Communications devices transmit energy in many different frequency ranges, or bands. The team's scavenging devices can harvest this energy, convert it from AC to DC power, and then store it in batteries.

Previous work on this concept has produced devices that can harvest energy from a small slice of the electromagnetic spectrum, such as ambient WiFi signals. The new technology captures frequencies ranging from FM radio to radar, spanning 100 megahertz to 15 gigahertz, according to the researchers.
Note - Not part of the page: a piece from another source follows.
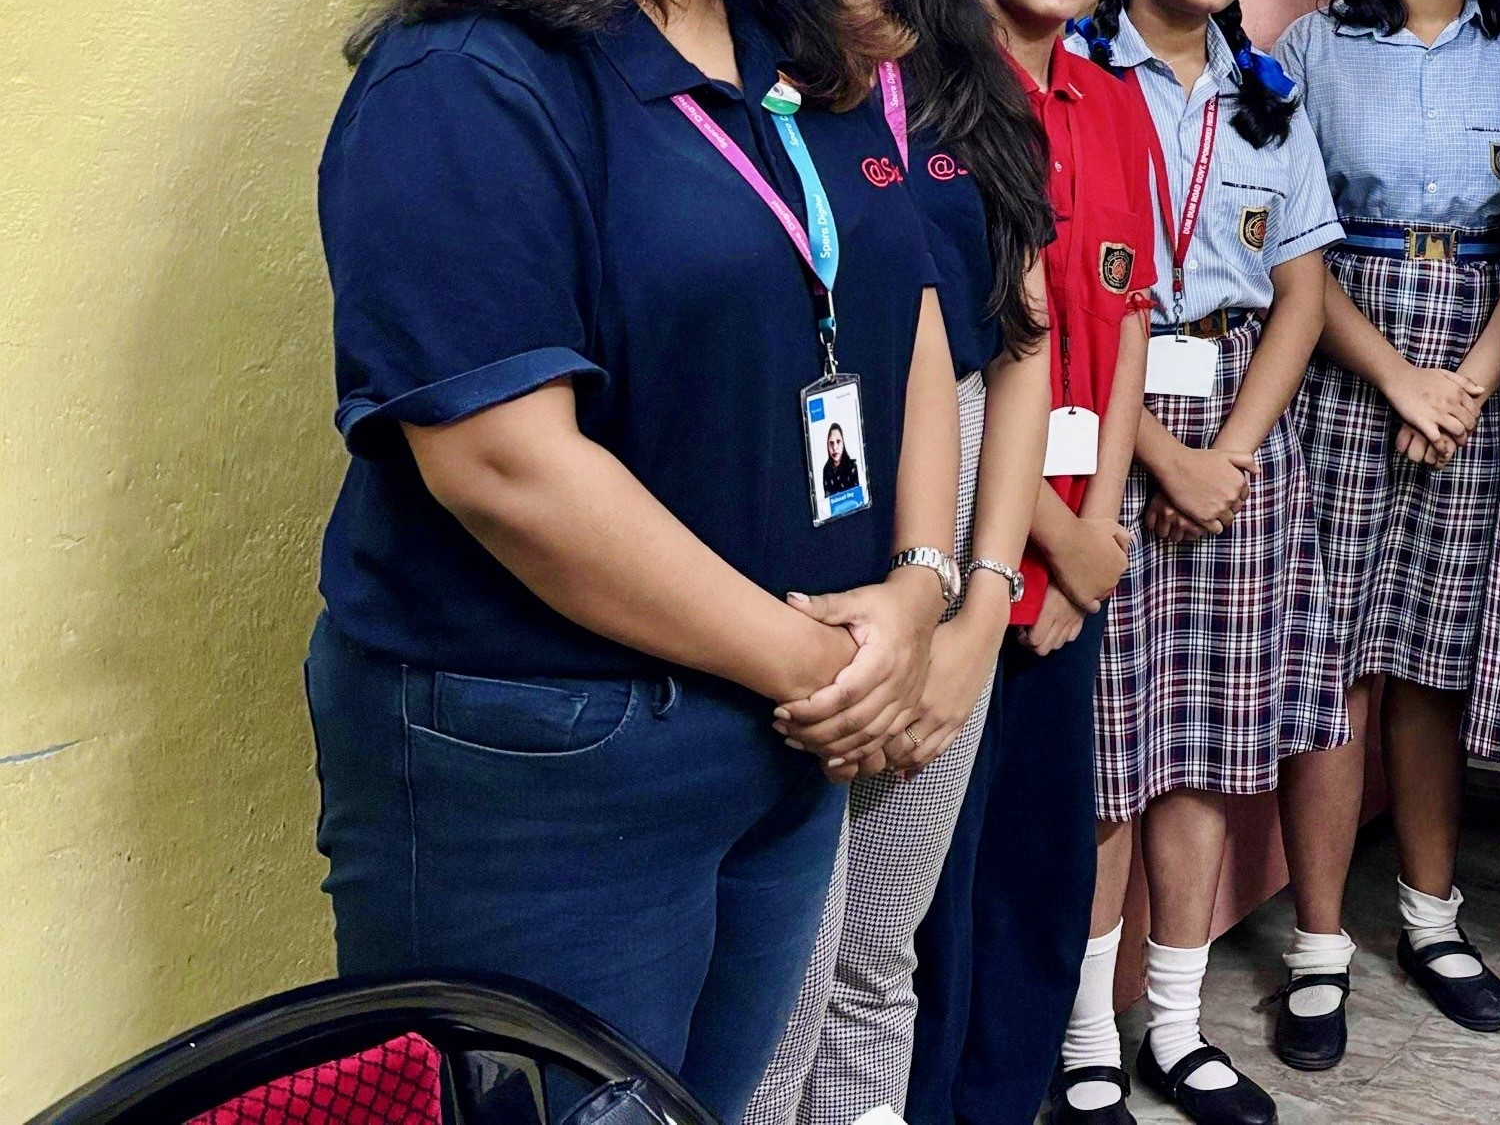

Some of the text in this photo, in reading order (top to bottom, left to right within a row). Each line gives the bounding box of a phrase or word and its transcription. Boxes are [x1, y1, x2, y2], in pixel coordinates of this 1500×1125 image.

The energy captured is minute — measured in microwatts and milliwatts, not megawatts — but is sufficient to help power networks of wireless sensors, microprocessors, and communications chips.

The technology could be used, for example, at airports where radar and communications sources put out plenty of ambient energy to harvest and power wireless sensors that could detect explosives or nuclear material.

Sensors on food could scan for chemicals that indicate spoilage and send out an alert when detected, increasing food safety.

Tentzeris and his team are using inkjet printers to combine sensors, antennas, and energy scavenging capabilities on paper or flexible polymers.

To print electrical components and circuits, the researchers use a standard materials inkjet printer, but use a special recipe containing silver nanoparticles in an emulsion.

The approach enables the team to print RF components and circuits as well as sensing devices based on nanomaterials such as carbon nanotubes.

Scavenging experiments utilizing TV bands have yielded power amounting to hundreds of microwatts and multiband systems are expected to yield one milliwatt or more. That amount of power is enough to operate small electronic devices, such as sensors.

The team successfully operated a temperature sensor using electromagnetic energy captured from a television station that was a third of a mile away. Self-powered, wireless paper-based sensors will soon be available at very low cost, they said.

The technology was demonstrated July 6 at the IEEE Antennas and Propagation Symposium in Spokane, Wash.